Sur la régularité de l'ordonnance attaquée :
3. D'une part, aux termes de l'article R. 222-1 du code de justice administrative : " Les (...) présidents de formation de jugement des tribunaux (...) peuvent, par ordonnance : / (...) / 4° Rejeter les requêtes manifestement irrecevables, lorsque la juridiction n'est pas tenue d'inviter leur auteur à les régulariser ou qu'elles n'ont pas été régularisées à l'expiration du délai imparti par une demande en ce sens (...). "
4. D'autre part, aux termes de l'article L. 711-2 du code des pensions militaires d'invalidité et des victimes de guerre : " Les recours contentieux contre les décisions individuelles prises en application du livre Ier et des titres Ier à III du livre II sont précédés d'un recours administratif préalable exercé dans des conditions fixées par décret en Conseil d'Etat ". Aux termes de l'article R. 711-1 de ce code : " Tout recours contentieux formé à l'encontre des décisions individuelles prises en application des dispositions du livre Ier et des titres Ier à III du livre II du présent code est précédé, à peine d'irrecevabilité, d'un recours administratif préalable obligatoire examiné par la commission de recours de l'invalidité, placée conjointement auprès du ministre de la défense et du ministre chargé du budget. (...). / Le recours administratif formé auprès de la commission conserve le délai de recours contentieux jusqu'à la notification de la décision prévue à l'article R.711-15. (...) ".
5. L'institution, par les dispositions ci-dessus rappelées, d'un recours administratif préalable obligatoire à la saisine du juge, a pour effet de laisser à l'autorité compétente pour en connaître le soin d'arrêter définitivement la position de l'administration. Il s'ensuit que la décision prise à la suite de ce recours se substitue en principe à la décision initiale et qu'elle est seule susceptible de faire l'objet d'un recours contentieux.
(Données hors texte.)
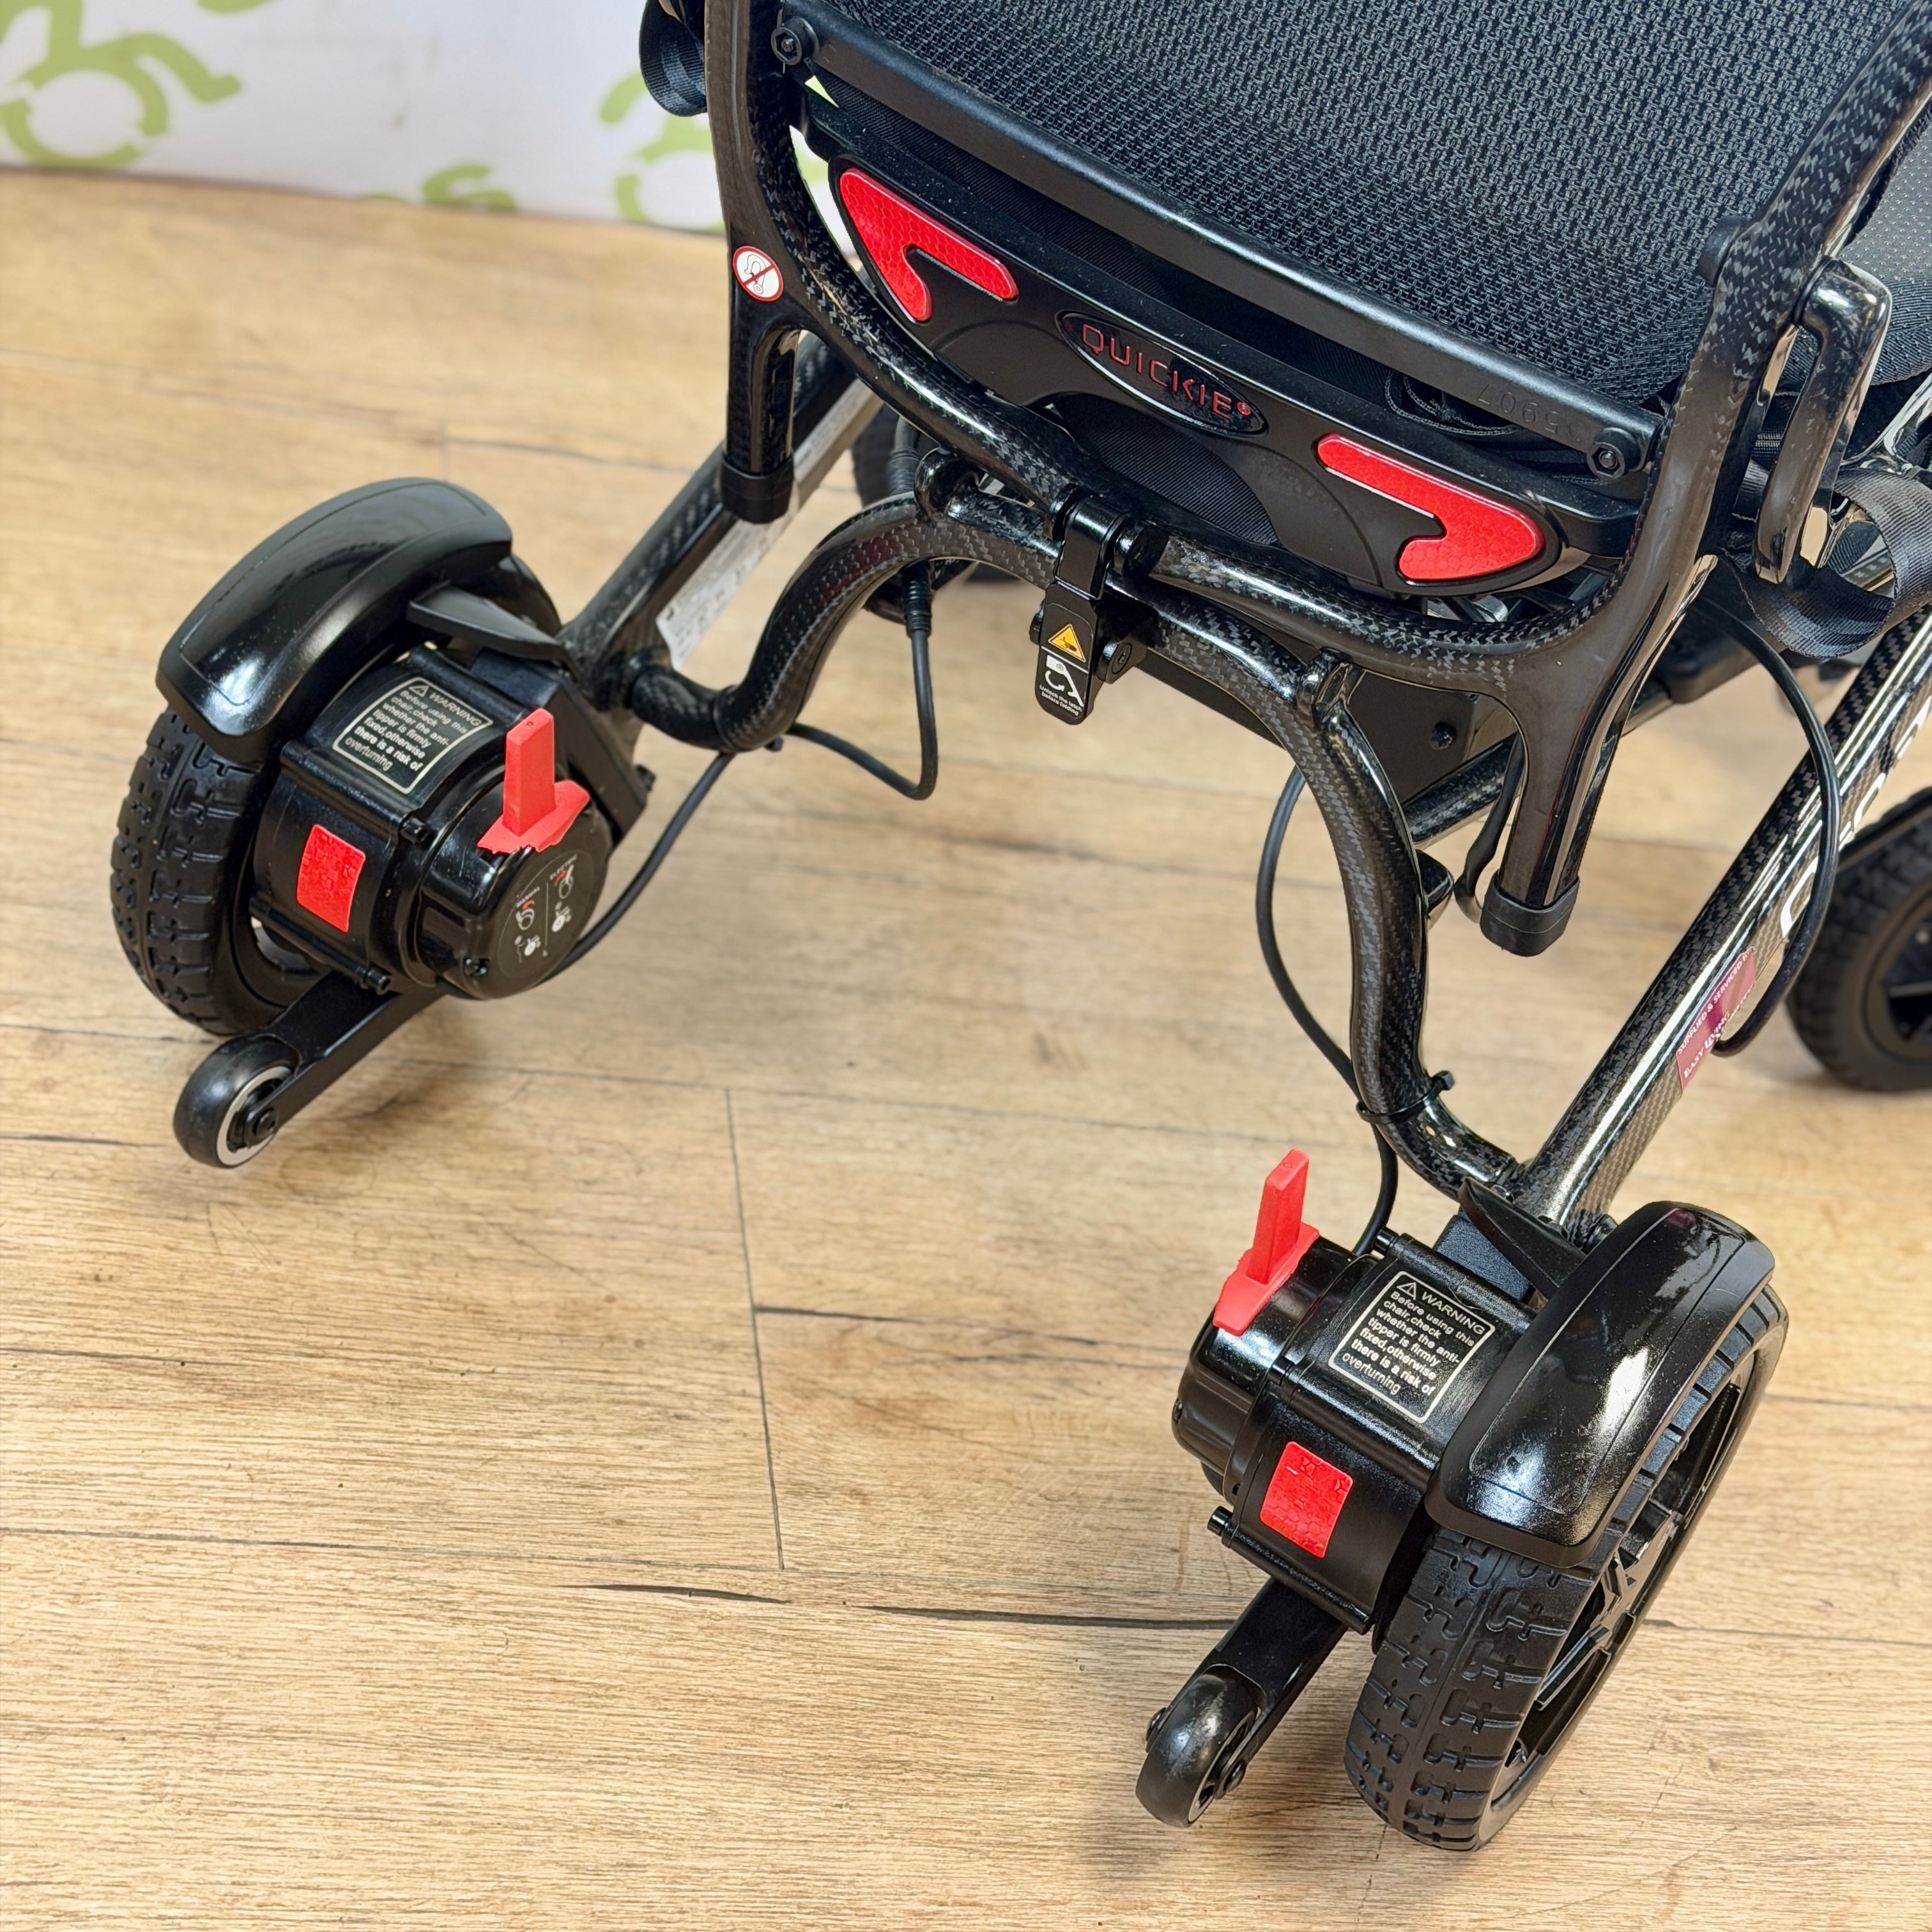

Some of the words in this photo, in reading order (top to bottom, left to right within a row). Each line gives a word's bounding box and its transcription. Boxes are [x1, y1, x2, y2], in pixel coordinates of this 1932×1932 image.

[400, 690, 428, 709] Before
[429, 708, 451, 724] using
[451, 721, 468, 733] this
[430, 693, 482, 726] WARNING
[1039, 684, 1058, 698] Unlock
[1059, 694, 1068, 704] the
[1069, 700, 1082, 712] latch
[1041, 691, 1059, 705] before
[1059, 702, 1079, 716] folding
[373, 709, 399, 728] tipper
[398, 724, 406, 733] is
[406, 730, 431, 749] firmly
[382, 703, 416, 725] whether
[415, 722, 431, 734] the
[430, 732, 450, 746] anti-
[345, 737, 392, 771] overturning
[354, 726, 379, 745] there
[377, 739, 387, 749] is
[394, 750, 411, 765] risk
[410, 760, 423, 772] of
[1676, 1011, 1706, 1054] SUPPLIED
[1707, 1002, 1713, 1012] &
[1713, 962, 1742, 1003] SERVICED
[1684, 1048, 1705, 1079] EASY
[1390, 1291, 1425, 1315] Before
[1426, 1314, 1454, 1335] using
[1455, 1331, 1475, 1347] this
[1422, 1291, 1486, 1335] WARNING
[1368, 1317, 1399, 1340] tipper
[1400, 1335, 1410, 1347] is
[1411, 1342, 1441, 1367] firmly
[1377, 1309, 1418, 1337] whether
[1418, 1334, 1435, 1349] the
[1436, 1346, 1460, 1364] anti-
[1342, 1352, 1401, 1395] overturning
[1351, 1339, 1379, 1361] there
[1380, 1354, 1390, 1368] is
[1391, 1363, 1400, 1374] a
[1400, 1368, 1421, 1389] risk
[1422, 1381, 1436, 1395] of
6. Il ressort des pièces du dossier que M. B... n'a pas justifié de l'exercice d'un recours administratif préalable obligatoire devant la commission de recours de l'invalidité avant de saisir le tribunal administratif d'Amiens de sa demande tendant à l'annulation du certificat du ministre de l'action et des comptes publics du 27 janvier 2020 suspendant en totalité, à compter du 1er janvier 2019, le paiement de l'allocation n° 9 dont était assortie sa pension militaire d'invalidité alors que, d'une part, une telle allocation avait été prise en application du livre 1er du code des pensions militaires d'invalidité et des victimes de guerre et, d'autre part, ce certificat, dont il n'est pas contesté que l'intéressé en a eu notification, comportait la mention d'un tel recours. L'intéressé ne peut utilement se prévaloir de ce que le courrier du 27 janvier 2020 par lequel le ministre de l'action et des comptes publics l'a informé que le paiement de cette allocation faisait l'objet d'une suspension totale à compter du 1er janvier 2019, ne comportait pas l'indication du recours administratif préalable obligatoire exigé par les dispositions précitées de l'article R. 711-1 du code des pensions militaires d'invalidité et des victimes de guerre dès lors que ce courrier d'information ne présente aucun caractère décisoire. Il suit de là que le président de la première chambre du tribunal administratif d'Amiens, qui n'était pas tenu d'inviter M. B... à régulariser ses écritures, a pu, sans irrégularité, rejeter la demande de l'intéressé au motif qu'elle était manifestement irrecevable sans qu'y fasse obstacle la circonstance que le tribunal lui avait adressé le 12 mars 2020 une demande de régularisation portant sur la production de la preuve de l'envoi et de la réception par l'administration d'une demande indemnitaire préalable et qu'il avait considéré à tort que la décision de la commission de recours d'invalidité du 16 octobre 2018 portant sur sa demande de révision de sa pension militaire d'invalidité, qui avait été produite dans le cadre d'une autre instance, était une réponse à cette demande de régularisation.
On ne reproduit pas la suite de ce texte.